Avoiding a Return Trip to the Hospital

Dr. Cleary speaks about helping patients stay involved with their medical care.

One out of five hospitalized Medicare patients needs to return to the hospital a second time within 30 days of their first discharge.

A second hospital admission, shortly after the first, is a no-win situation for everyone concerned about an elder parent. Patients are often sicker, they are unnecessarily exposed to other hospital bacteria, and families of the patient have more worries and parent monitoring. Moreover, Medicare spends a lot more money — 17 billion dollars — on these readmissions.

A blog post at The Agency for Healthcare Research and Quality (AHRQ) website, explains a lot more about preventing Medicare patient hospital readmissions. Written by the agency’s director, Carolyn Clancy, M.D., the post provides links to research, successful hospital readmission prevention programs, and patient guides.

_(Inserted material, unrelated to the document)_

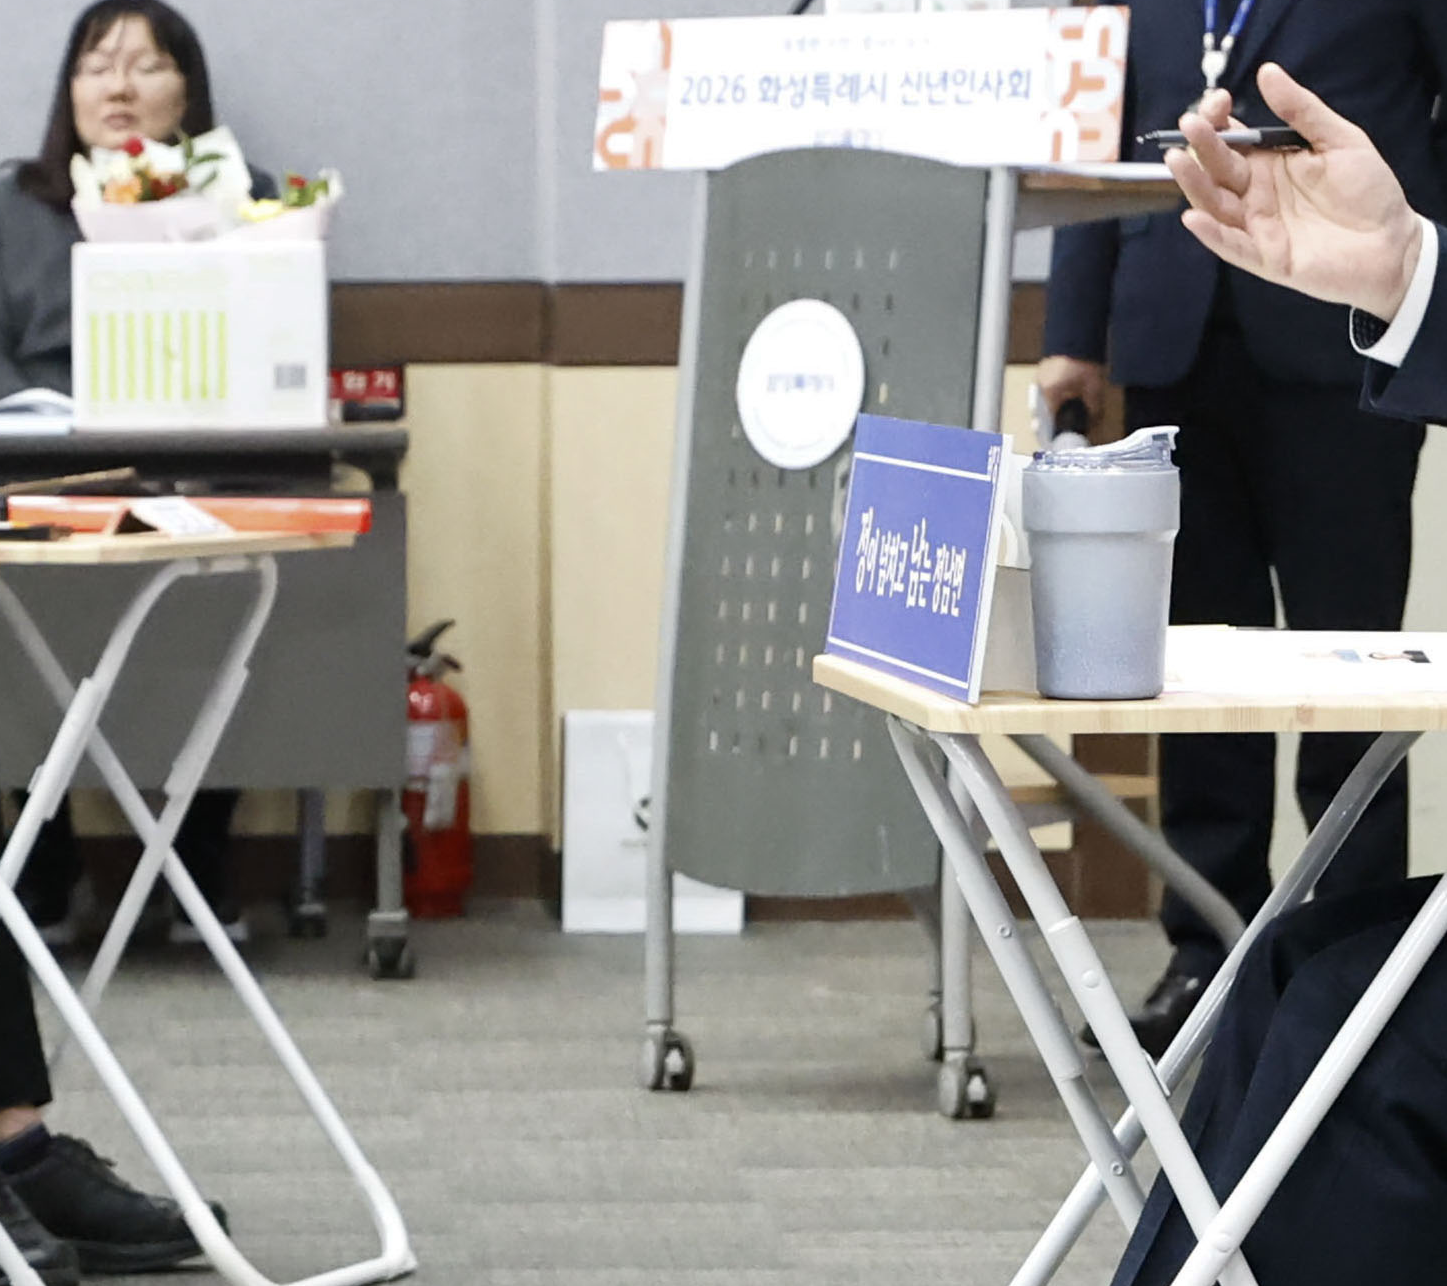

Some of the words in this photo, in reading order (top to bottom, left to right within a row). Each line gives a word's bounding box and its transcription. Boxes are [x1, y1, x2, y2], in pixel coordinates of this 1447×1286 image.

Dr. Clancy’s columns are also available at the AARP website.

Researchers increasingly believe that the problems that cause the second hospital admissions can be prevented if a patient receives the right discharge support the first time around. These support measures include better assistance with medications, follow-up monitoring to identify worrisome symptoms, and scheduling follow-up medical appointments before a Medicare patient leaves the hospital as well as ensuring that patients get to those appointments.

All of Dr. Clancy’s regular blog posts aim to help patients become more knowledgeable and savvy health care consumers. AHRQ also offers a series of informational videos t0 guide people as they use the health care services.